The saFRET-based biosensors as provided herein also can present a number of significant advantages over technologies that are based on the antibody-detection or biochemical binding assays. In the FRET technology, two fluorescent images from the donor and acceptor emissions are obtained simultaneously to calculate the ratio to represent the molecular activity. This ratiometric FRET imaging reduces the noise engendered from variations of the protein/peptide expression and concentration, the cell size and thickness, and the intensity of the excitation light source, as well as the instability of optical devices. Hence, the FRET signals can provide a much higher level of accuracy, comparing to the antibody-based or other protein-protein/peptide binding approaches.

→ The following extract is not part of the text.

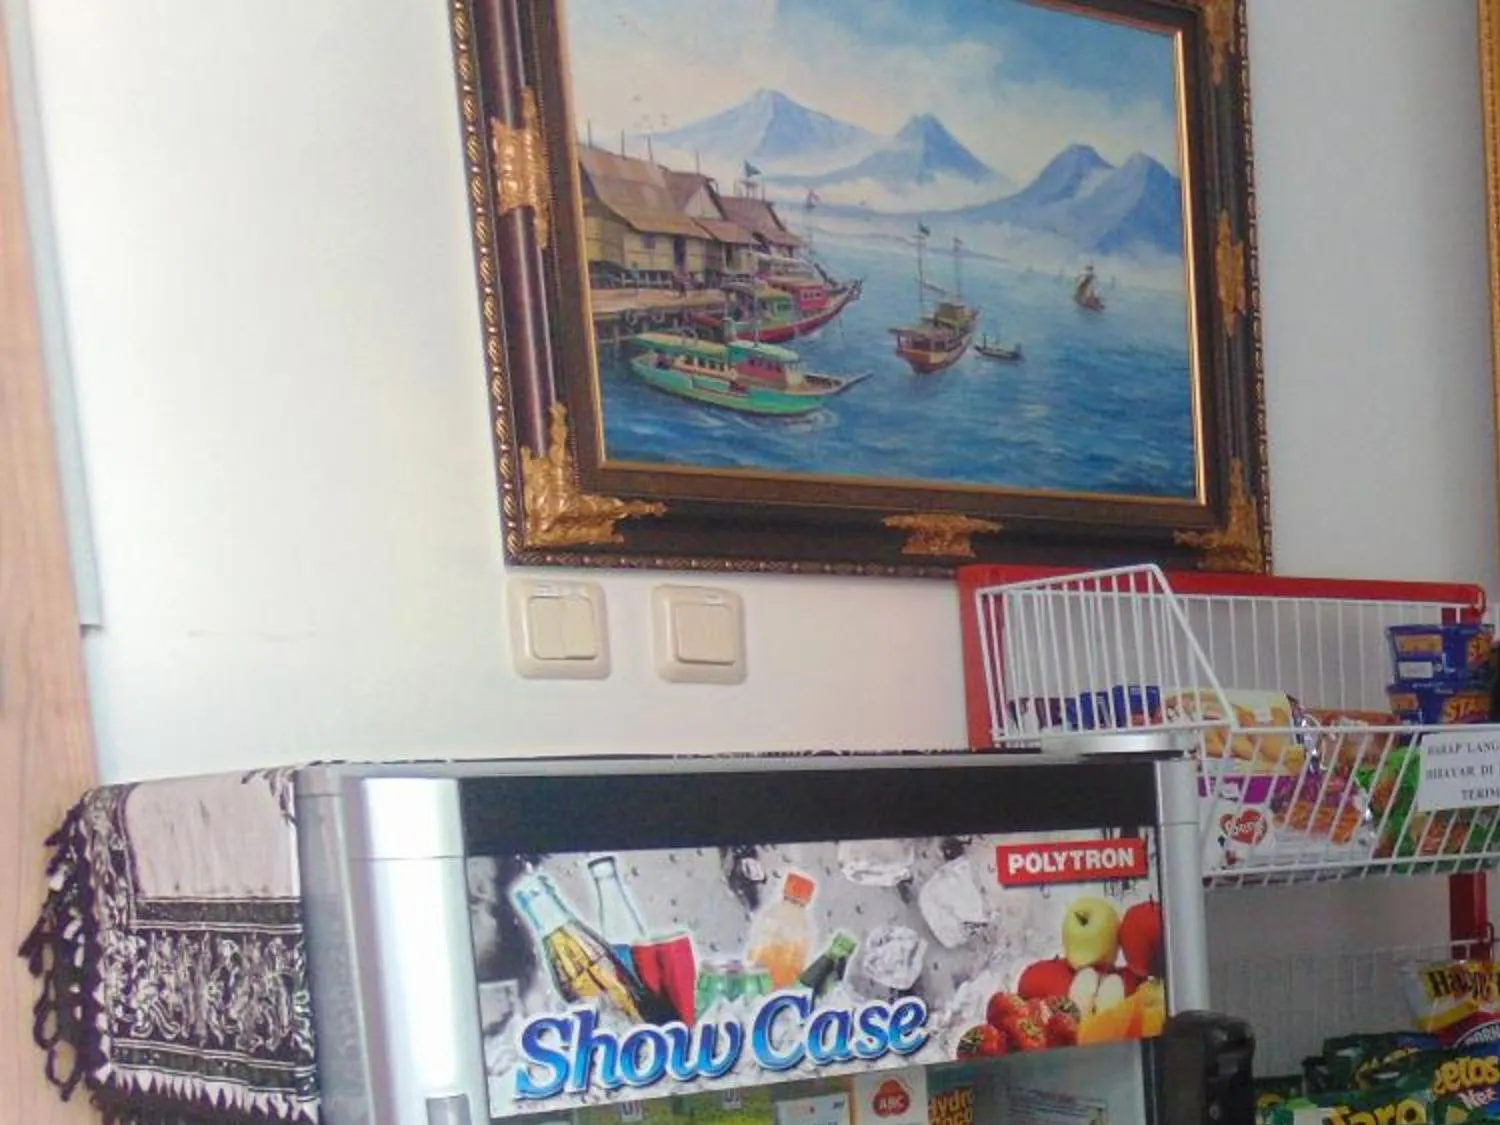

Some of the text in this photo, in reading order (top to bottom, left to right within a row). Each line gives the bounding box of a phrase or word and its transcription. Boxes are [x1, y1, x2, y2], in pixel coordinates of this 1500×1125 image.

[1007, 847, 1135, 875] POLYTRON
[513, 985, 929, 1099] Show Case
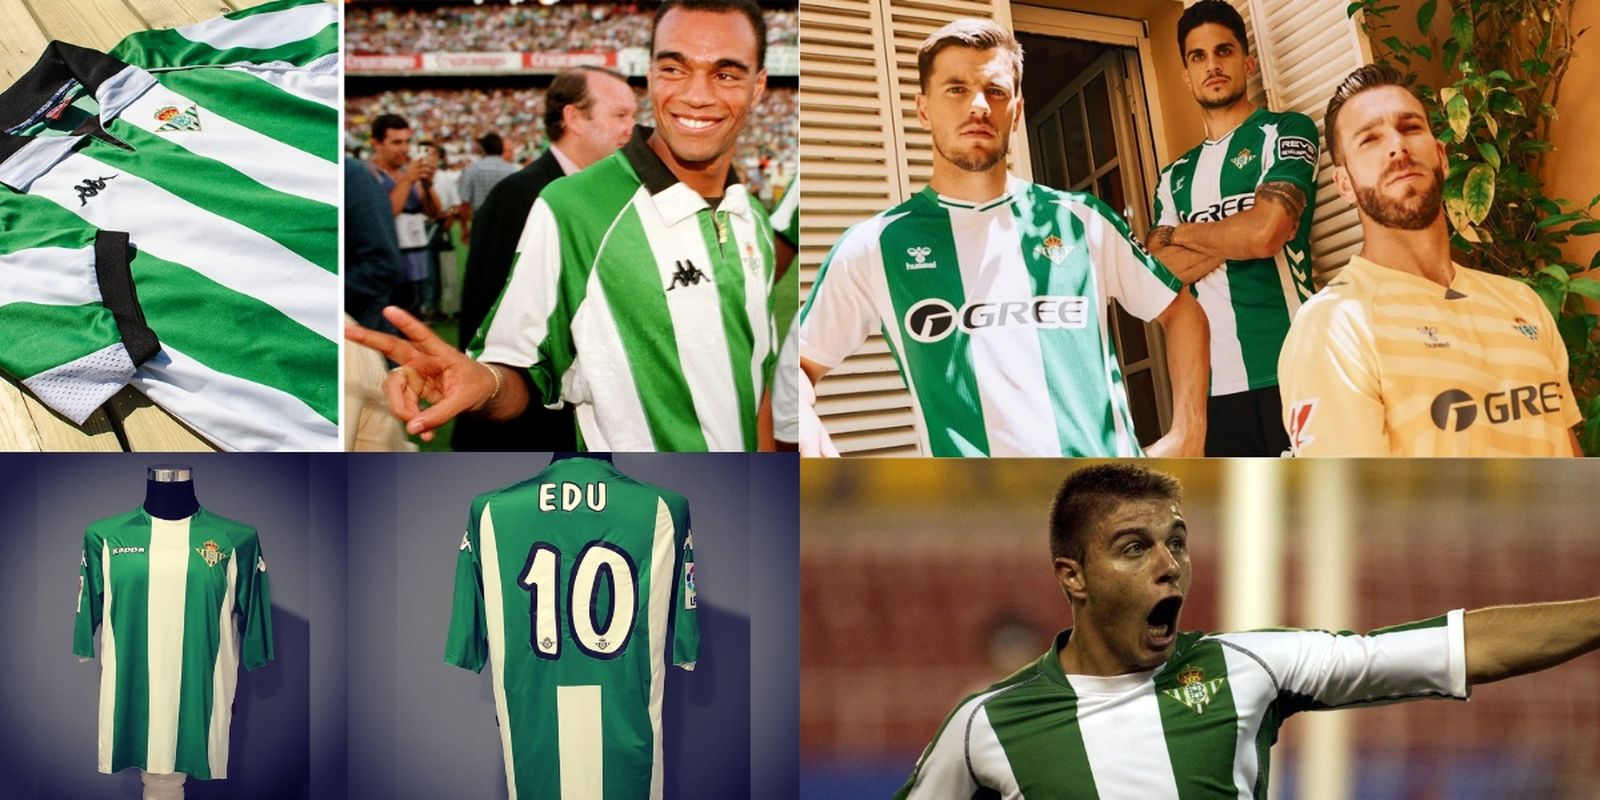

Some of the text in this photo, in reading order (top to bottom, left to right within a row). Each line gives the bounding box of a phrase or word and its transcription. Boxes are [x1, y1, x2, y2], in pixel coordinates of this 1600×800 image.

To create a high performance saFRET for a specific kinase, we have developed the new method for FRET biosensor optimization based on directed evolution. The directed-evolution platform provides a systematic and general approach for optimizing the biosensor in mammalian cells. The most innovative aspect of this platform is the systematic approach for the direct screening of optimized FRET biosensors that are capable of detecting, in principle, any post-translational modification, with the domains orthogonal to the endogenous signaling molecules. At the current stage, the optimization of FRET biosensors in their sensitivity and specificity is rather semi-rational and labor-intensive, mostly in a trial-and-error fashion, for example, see Ibraheem, Yap et al. 2011, Komatsu, Aoki et al. 2011, Piljic, de Diego et al. 2011, Lam, St-Pierre et al. 2012. In contrast, in platforms as provided herein, we integrate site-saturated mutagenesis, mammalian cell library, fluorescence-activated cell sorting (FACS), and NGS together in a framework of directed evolution to optimize the FRET biosensors. Although directed evolution and FACS have been employed to develop FPs with novel properties and binding pairs with high affinities (see for example, Shaner, Campbell et al. 2004, Nguyen and Daugherty 2005, Shaner, Lin et al. 2008), there has been no general method established to optimize FRET biosensors, as proposed here directly in mammalian cells; thus, the direct screening of FRET biosensor libraries in mammalian cells as provided herein is novel. We fuse the kinase domain with a linker at the C-terminus of the biosensors to allow the substrate phosphorylation by the intramolecular kinase domain and, subsequently, the conformational changes of sensing unit, which can lead to the FRET signal readouts for screening. The individual mammalian cells hosting biosensor libraries can hence be sorted by FACS based on FRET signals to identify favorable substrates of the target kinase as well as their efficient binding domains at the same time. The sequences of the substrate and binding domain can be revealed by amplicon production and NGS sequencing systematically.